The 2River View 26.4 (Summer 2022)
 
 

Aurora Bones

The Sky Is More Tornado-ish Since I Got Myself So Far Away

Wyoming is a lonely state, and I am deep in it.
Deer vertebrae and sunflowers glint and glisten in the dry landscape.
Here, rocks are great white teeth uprooted,
flung from some giant reptilian mouth.

When my father dies, I will wear a dress of gray feathers.
I will sit upside-down in rocking chairs, speak often of bravery,
paint pinecones with peanut butter and glitter,
hang these on orange strings in trees near his grave.

The geysers here are the exact color of Spumoni ice cream.
His voice is a lost ribbon flipping quiet violence through the air.
And in this, the most family-friendly of all places,
razor-blue beetles jump into springs of near-boiling water,
and live.
  

When I Dressed Like a Lion, You Dressed Like a Girl

I was afraid to tell my parents about how you were moving into me
I told them instead how I feel little pockets in my skull like caves
filled up with sky—no mind in there, just torn-up sky—empty.

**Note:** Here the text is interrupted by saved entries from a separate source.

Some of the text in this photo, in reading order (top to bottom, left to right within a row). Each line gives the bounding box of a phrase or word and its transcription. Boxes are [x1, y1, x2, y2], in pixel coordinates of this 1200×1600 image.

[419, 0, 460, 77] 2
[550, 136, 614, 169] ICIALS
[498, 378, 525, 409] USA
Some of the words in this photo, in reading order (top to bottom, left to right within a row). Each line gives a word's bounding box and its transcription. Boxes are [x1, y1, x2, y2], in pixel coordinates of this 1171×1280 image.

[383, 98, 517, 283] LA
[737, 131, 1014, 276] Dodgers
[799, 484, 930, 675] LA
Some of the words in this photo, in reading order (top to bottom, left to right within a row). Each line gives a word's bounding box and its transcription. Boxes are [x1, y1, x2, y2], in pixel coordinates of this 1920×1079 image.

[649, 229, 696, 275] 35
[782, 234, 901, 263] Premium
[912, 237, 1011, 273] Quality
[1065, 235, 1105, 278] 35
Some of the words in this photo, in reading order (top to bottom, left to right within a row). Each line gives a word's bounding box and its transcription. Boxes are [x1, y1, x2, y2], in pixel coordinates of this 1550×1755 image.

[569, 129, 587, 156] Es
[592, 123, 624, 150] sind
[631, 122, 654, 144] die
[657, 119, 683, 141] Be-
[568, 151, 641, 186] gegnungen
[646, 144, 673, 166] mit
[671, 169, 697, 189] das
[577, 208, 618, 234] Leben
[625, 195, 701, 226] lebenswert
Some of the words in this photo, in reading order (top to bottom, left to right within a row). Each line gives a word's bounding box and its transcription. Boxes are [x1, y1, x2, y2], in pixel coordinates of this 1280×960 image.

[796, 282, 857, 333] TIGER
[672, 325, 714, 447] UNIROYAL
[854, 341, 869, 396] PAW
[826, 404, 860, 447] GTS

I wanted to have an umbilical cord connecting us
so we would finally really share everything.
Instead, I follow my dog around the house & hug her & smell her paws
& make her promise to not leave me, ever.

I want to live in a cabin in the woods, but not this cabin, not these woods.
I want to grow claws & fangs, give up speech.
Even better, wish I were a yellow flower.

I would gladly row you down the river with tired arms forever,
squinting honey-wild eyes.
Both of us, I think, are afraid of forgetting
the way my voice sounds when it says what used to be your name.
 

Aurora Bones teaches English at a university in Southern Illinois. When she isn’t writing or reading, she enjoys learning to play the ukulele, planting sunflowers, or hiking in the aspen forests.